The real-world commons where people learned to socialize and gain their sea-legs as adults has been replaced by ultra-processed Digital Life: addictive digital technologies / phones / devices that don’t just enable surveillance, tracking and algorithmic entertainment, they monetize and incentivize these sources of addiction, disconnect, alienation, loneliness and isolation. Social anxiety is a “market” that invites profitable exploitation.
The real-world commons and sources of stability that are the foundations of social stability are eroding right before our eyes. AI is not the answer, it is one of the drivers. There are no simplistic economic or political answers to the decay and collapse of society, for the root causes include every aspect of Ultra-Processed Life, from addictive digital scrolls to addictive junk food to a pervasive desperation and anxiety as the ground gives way beneath our feet.

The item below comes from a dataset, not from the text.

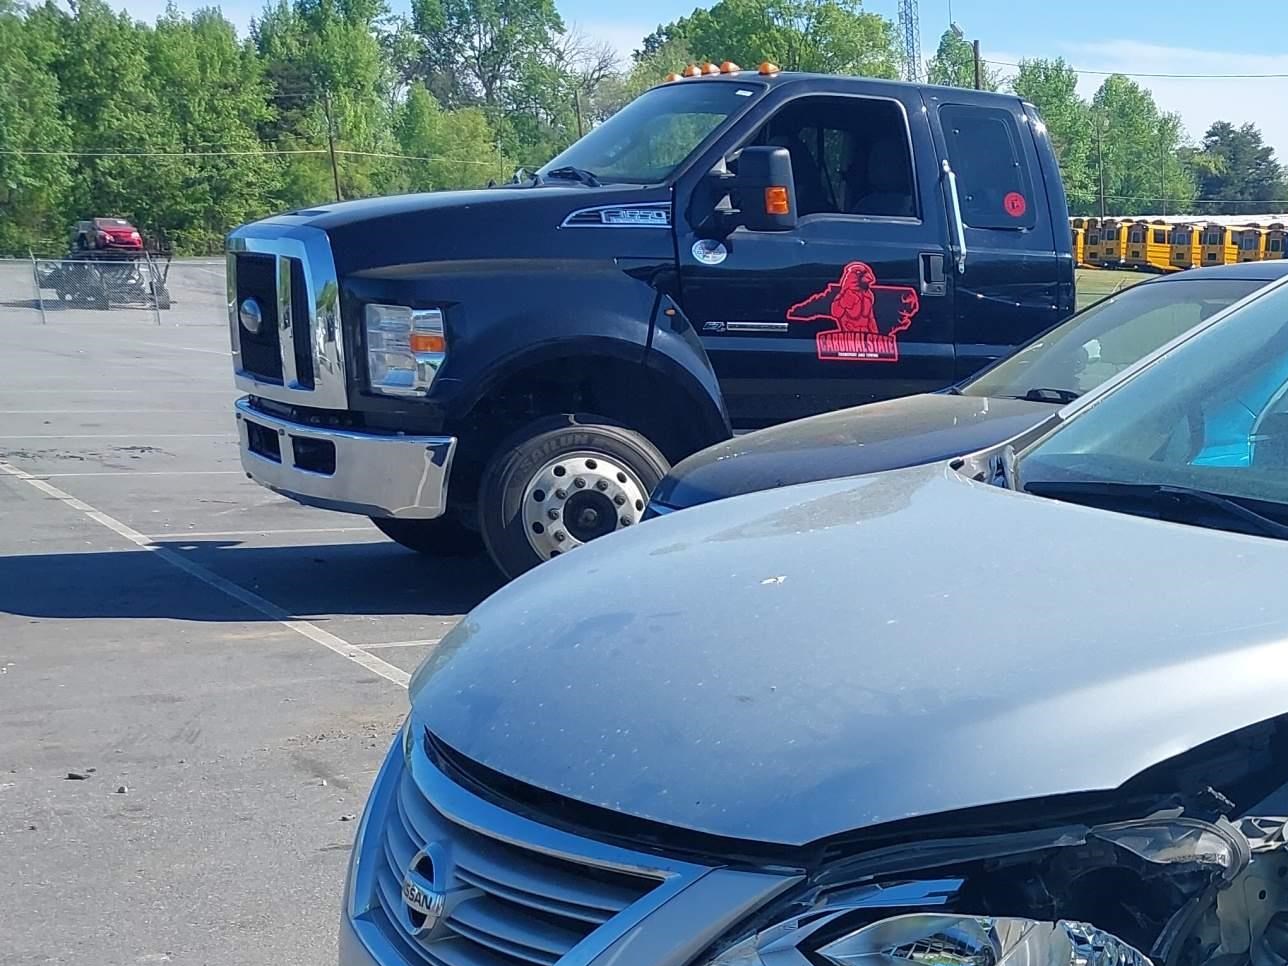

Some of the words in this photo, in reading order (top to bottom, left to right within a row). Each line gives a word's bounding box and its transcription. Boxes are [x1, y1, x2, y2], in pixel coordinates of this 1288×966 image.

[820, 333, 867, 352] CARDINAL
[867, 334, 895, 354] STATE
[403, 882, 433, 910] SSAN

Will buying (or more likely, leasing) a household robot fix what’s broken, or is the fantasy that there is a profitable technological “solution” to everything the reason why everything of value is breaking down?
This is the core dynamic of what I call Anti-Progress: a profitable technology sold as “Progress” is actually the opposite of Progress, for what’s broken can’t be fixed by what broke it.
Avoidance, rationalization, denial–these coping mechanisms have very short half-lives. After Denial come Anger, and we’re unprepared for anything other than artifice permanently propping up denial. But there is nothing permanent about artifice or denial, as both are self-liquidating by their very nature.
Trying to convince ourselves that this is “Progress” and therefore it will all work out just fine isn’t the same as it actually working out just fine. The difference between the two is about to be starkly revealed as denial is replaced by anger.